A influência do mundo biónico nunca foi escondida naquele que pode ser considerado um dos mais arrojados projetos da Daimler em curso, de tal forma que, quando foi pela primeira vez apresentado, no início de 2020, Ola Källenius, Presidente do Conselho de Administração da Daimler AG e da Mercedes-Benz, apareceu ao lado do cineasta James Cameron para revelar um conceito revolucionário inspirado no universo Pandora, do filme Avatar. Na altura, foi mostrado um protótipo que pretendeu fundir luxo, tecnologia e sustentabilidade inspirado na tecnologia orgânica dos filmes de Cameron. O resultado: um design apelidado de "One Bow", sendo o primeiro carro a estabelecer uma relação simbiótica entre homem, máquina e natureza. Mas se, na altura, era apenas um conceito, agora o construtor alemão tornou-o realidade. O carro já existe, pode ser tocado, pode ser testado e acaba de estrear uma novidade ainda mais revolucionária: uma interface controlada pela mente.
Chama-se Mercedes-Benz Vision AVTR (Advanced Vehicle Transformation) e a sua última versão foi apresentada no IAA MOBILITY (Internationale Automobil-Ausstellung - International Motor Show) que decorre em Munique até 12 de setembro. Alguns dos visitantes daquela feira já puderam testar a novidade: como controlar a interface do automóvel com seus pensamentos.
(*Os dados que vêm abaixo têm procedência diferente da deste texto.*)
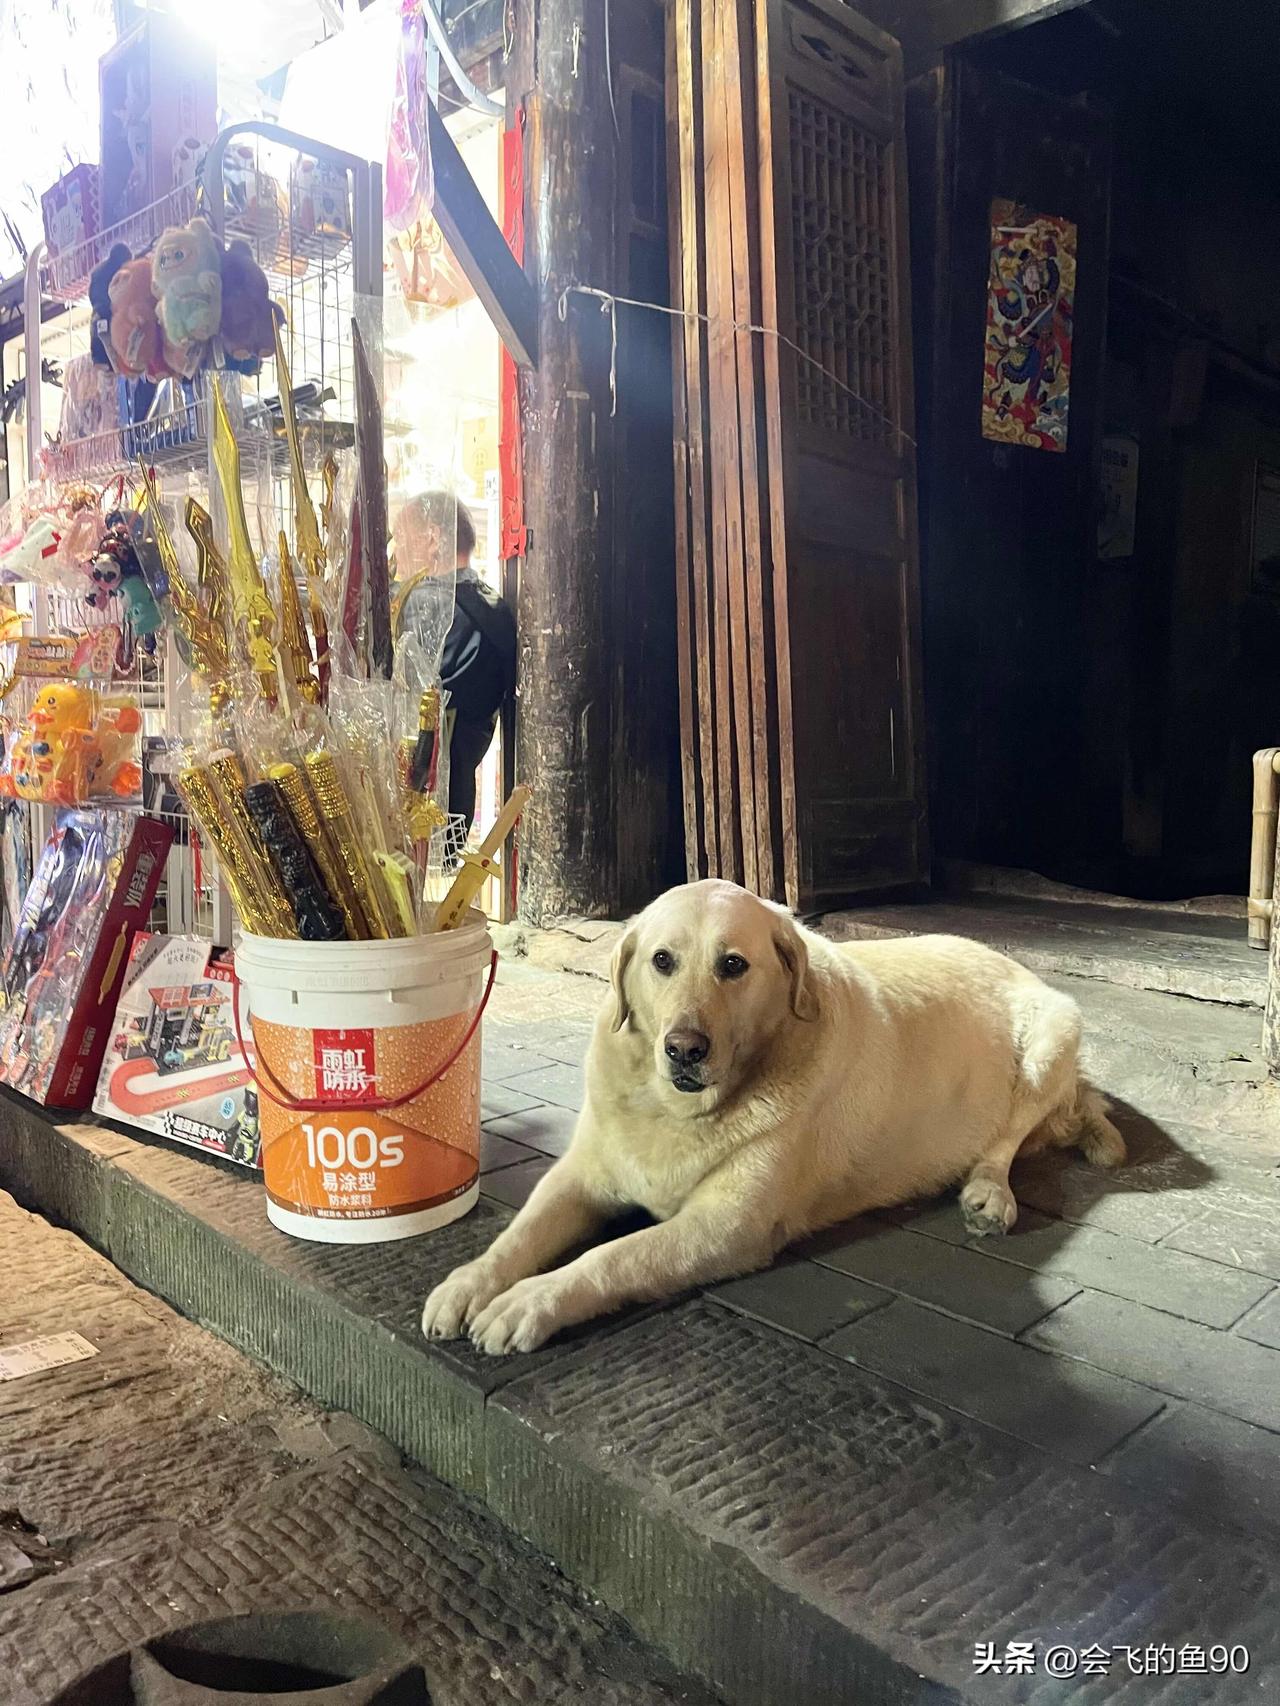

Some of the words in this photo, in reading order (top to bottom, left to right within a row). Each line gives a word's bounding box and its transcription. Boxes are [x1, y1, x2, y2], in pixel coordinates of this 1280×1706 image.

[321, 1048, 366, 1070] 雨虹
[301, 1123, 405, 1170] 100s
[322, 1170, 377, 1192] 易涂型
[328, 1194, 373, 1207] 防水浆料
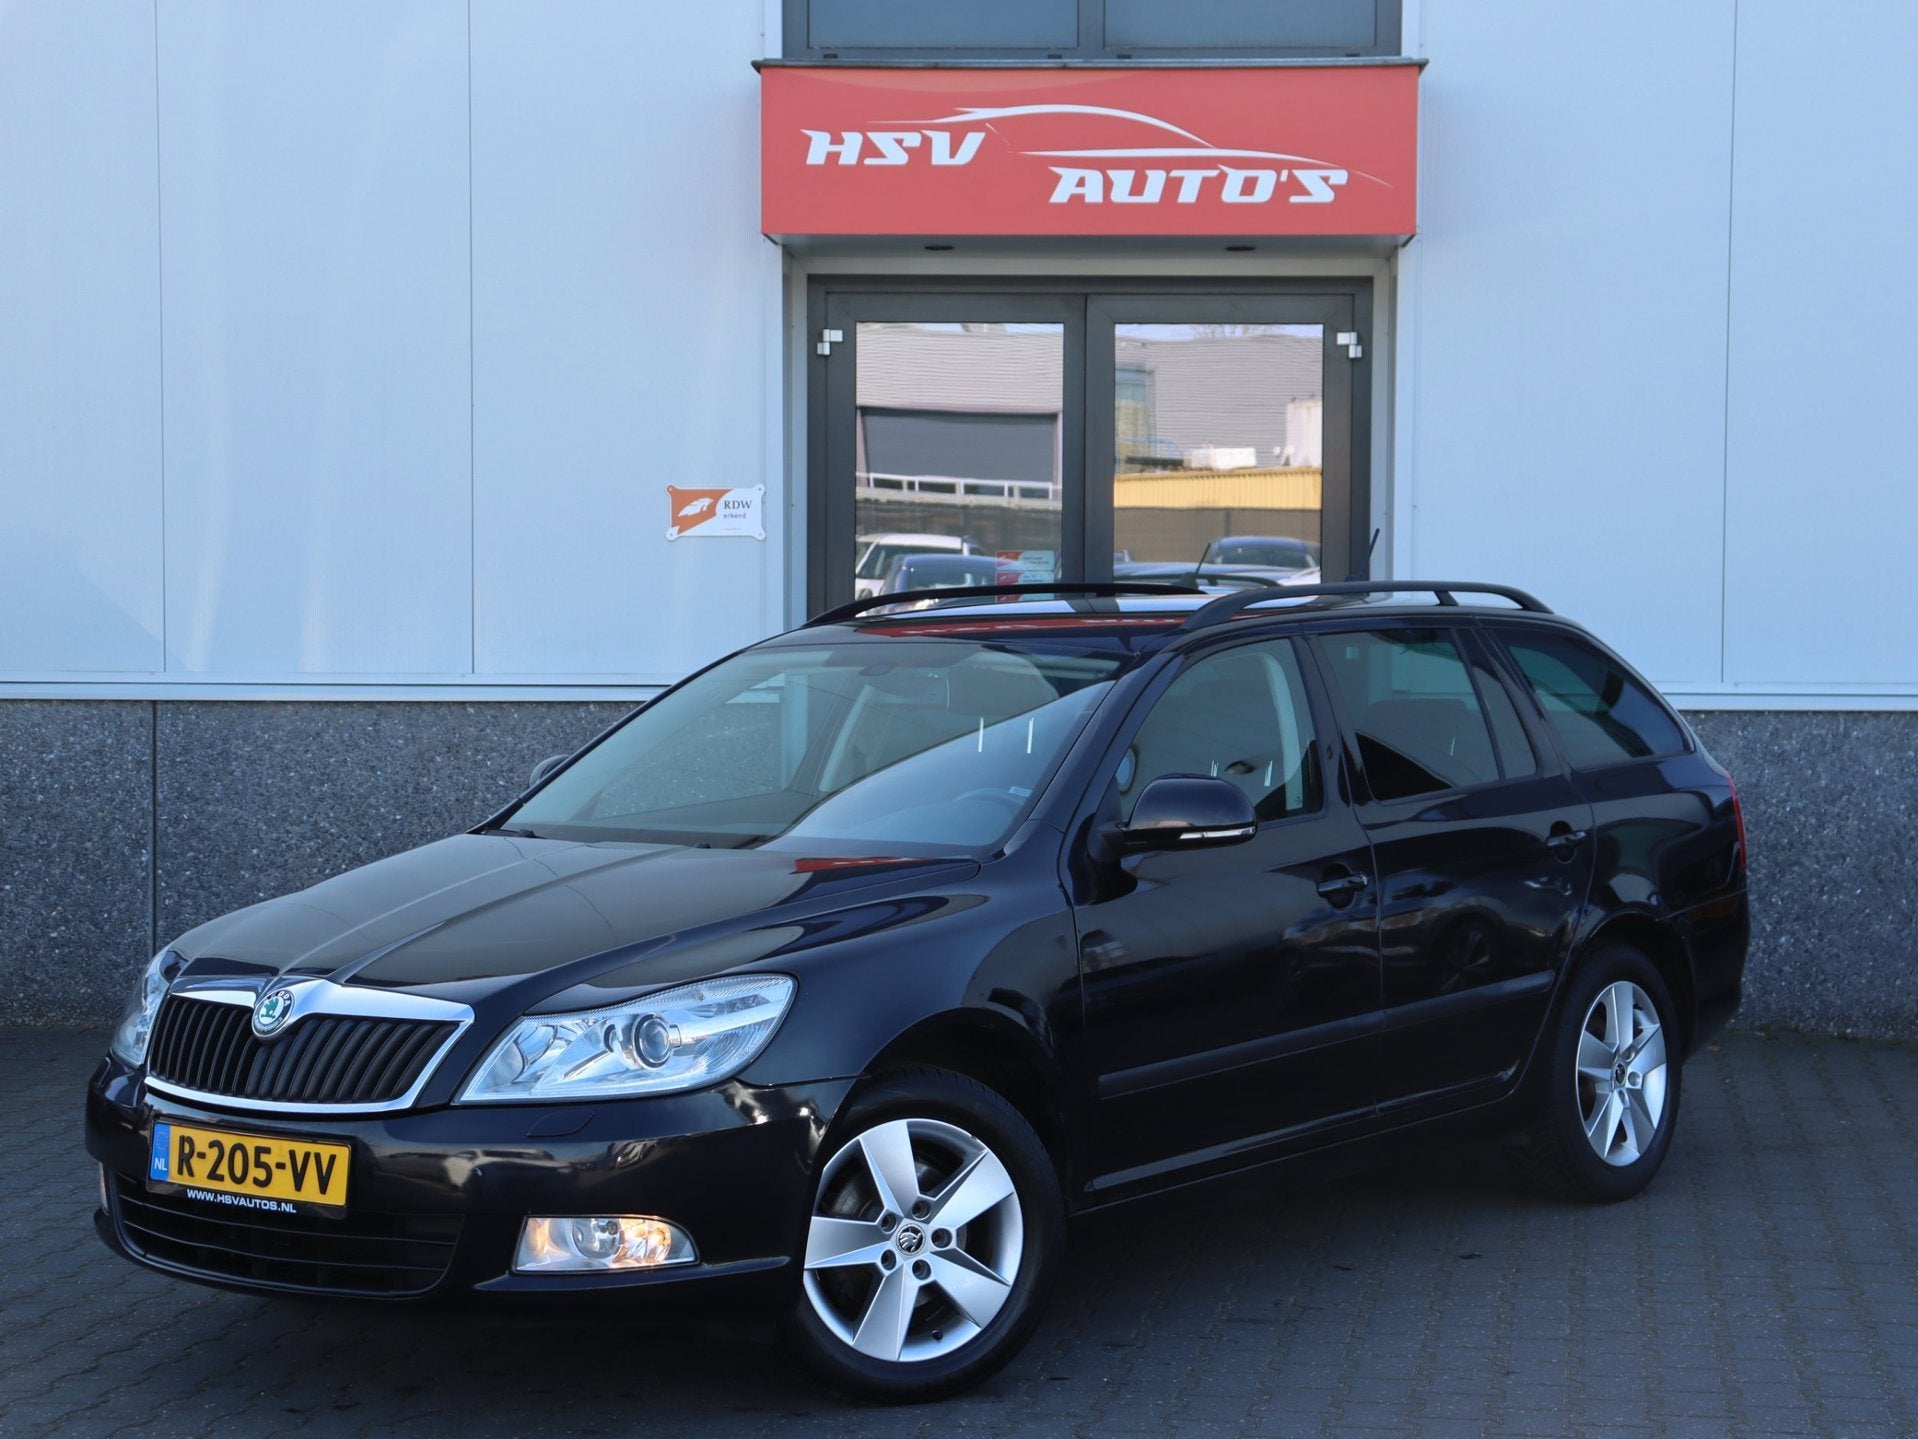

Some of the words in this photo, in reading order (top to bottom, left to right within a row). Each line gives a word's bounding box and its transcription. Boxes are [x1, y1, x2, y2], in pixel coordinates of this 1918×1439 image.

[801, 130, 986, 166] HSV
[1049, 164, 1349, 204] AUTO'S
[724, 500, 752, 510] RDW
[154, 1157, 168, 1171] NL
[176, 1134, 337, 1195] R-205-VV
[186, 1188, 297, 1213] WWW.HSVAUTOS.NL
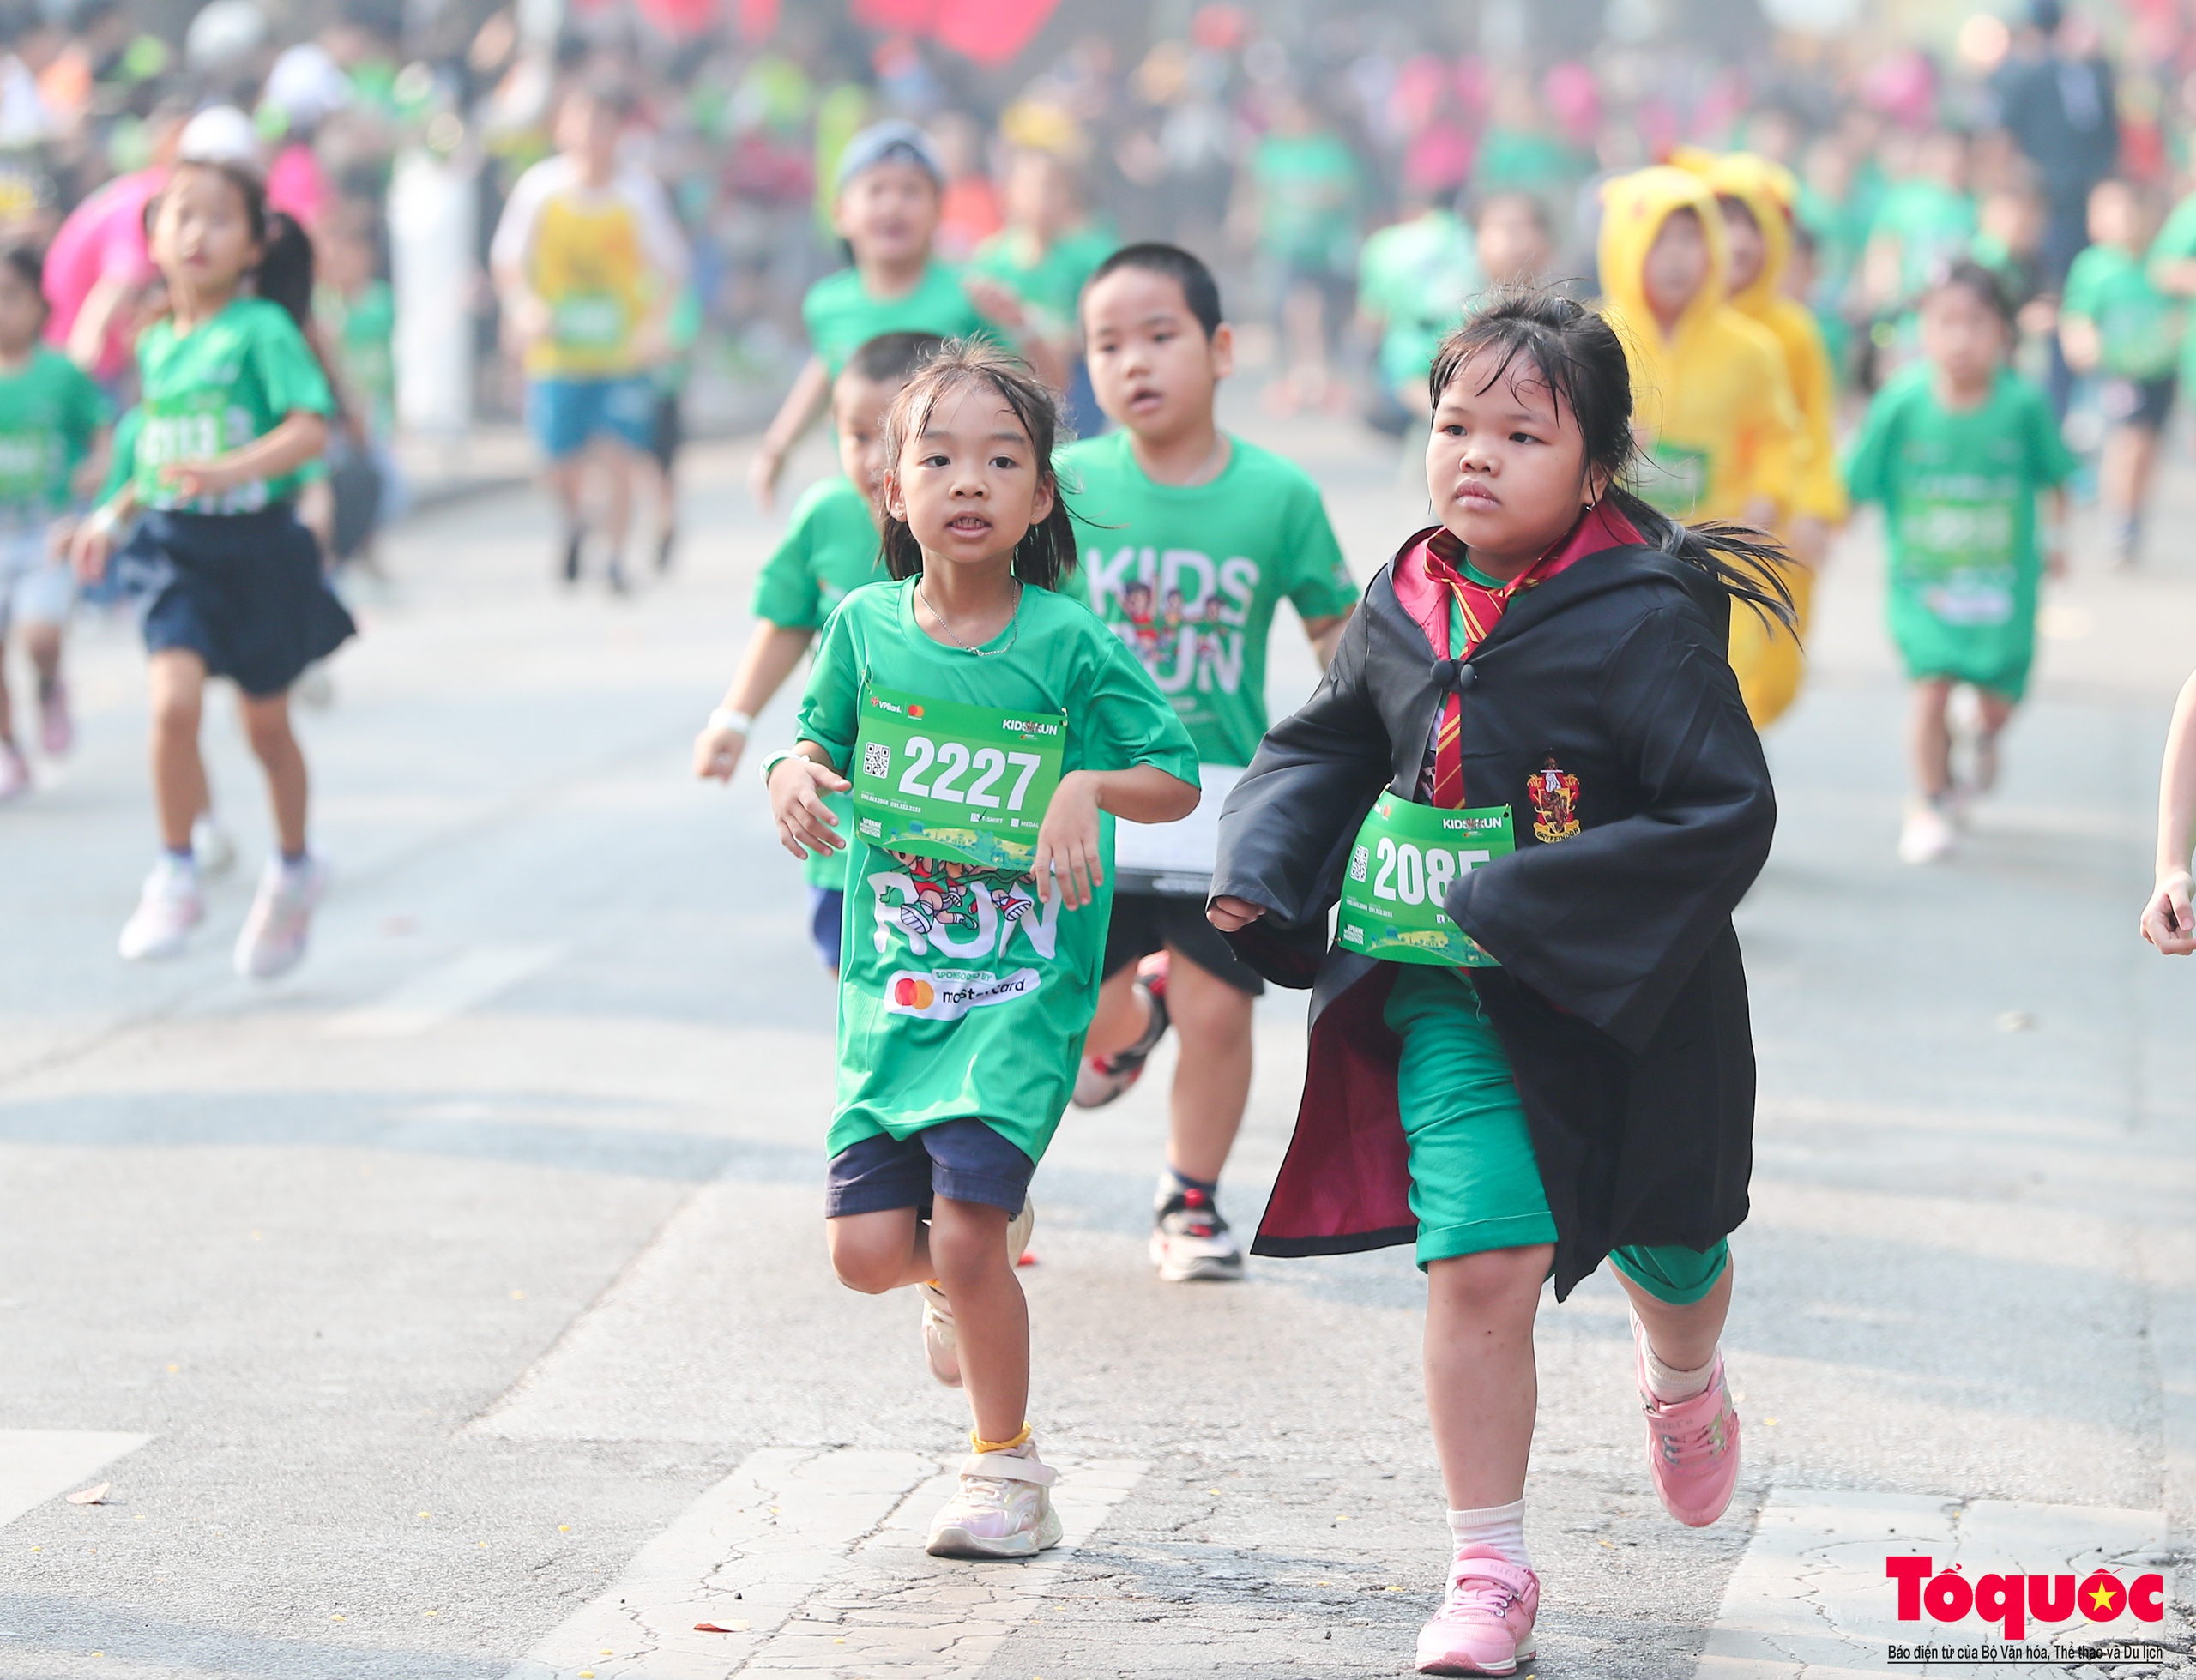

O Vision AVTR é um carro elétrico com autonomia para 700km, feito com materiais orgânicos e que aspira ser totalmente autónomo e interativo. E aqui a palavra Interativo é elevada aos píncaros, tipo “controle com o cérebro”.
As rodas são esféricas, o que permite movimentos mais versáteis, introduzindo uma nova questão: como se conduz um carro que se move em 360 direções? Com um joystick, por isso esqueçam o volante. O Mercedes Vision AVTR não traz volante, mas sim um painel de controle tátil que permite dirigi-lo de qualquer um dos assentos. Basta colocar a palma da mão sobre ele e movê-lo de forma semelhante ao touchpad do seu laptop, em qualquer direção.
Além disso, esta consola reconhece os parâmetros biométricos do condutor, como frequência cardíaca e respiração. Da mesma forma, superfícies hápticas estão instaladas nos bancos e permitem monitorizar a pressão arterial e a frequência respiratória para determinar qual o seu estado mental e nível de stress e, assim, adaptar o a climatização e a iluminação do carro de acordo com o seu estado de alma. A Mercedes define estes novos pormenores num automóvel como uma forma mais tátil de fazer a fusão entre homem e a máquina.
Na vanguarda desta tentativa de simbiose entre veículo e condutor está a tecnologia Brain-Computer-Interface (BCI), com a qual a Mercedes-Benz pretende conectar o carro ao cérebro humano. É uma tecnologia que já vem sendo utilizada na investigação médica há algum tempo, como opção viável para aumentar a autonomia das pessoas com deficiência física, mas agora está a ser utilizada pela primeira vez na indústria automóvel. Como o próprio nome sugere, consiste em relacionar a atividade cerebral a uma interface física por meio de um computador, de modo a que o computador leia as reações do cérebro aos estímulos da interface e assim agir sobre ela.
Especificamente, o Vision AVTR possui elétrodos portáteis para a cabeça e pontos de luz num painel totalmente digital. Desta forma, a atividade cerebral registada pelos elétrodos quando o utilizador foca os pontos de luz vai atuar como uma espécie de touchpad para concretizar os comandos. Para fazer isso, o sistema requer apenas uma breve calibração prévia a partir da qual passa a relacionar as ondas cerebrais a uma determinada função. Parece simples.
Para já estamos a falar do controlo da interface de infoentretenimento com a mente: por exemplo, selecionar o destino de navegação, modificar a luz ambiente ou mudar a estação de rádio ou música em streamming. A ideia é que o utilizador se concentre na condução e assim não se distraia com outras tarefas.
Mas este carro não deixa de ser a prova rolante de que uma conexão neuronal, como a dos Na'vi (povo humanóide que vivia em Pandora, no filme Avatar), já não pertence exclusivamente ao território da ficção científica.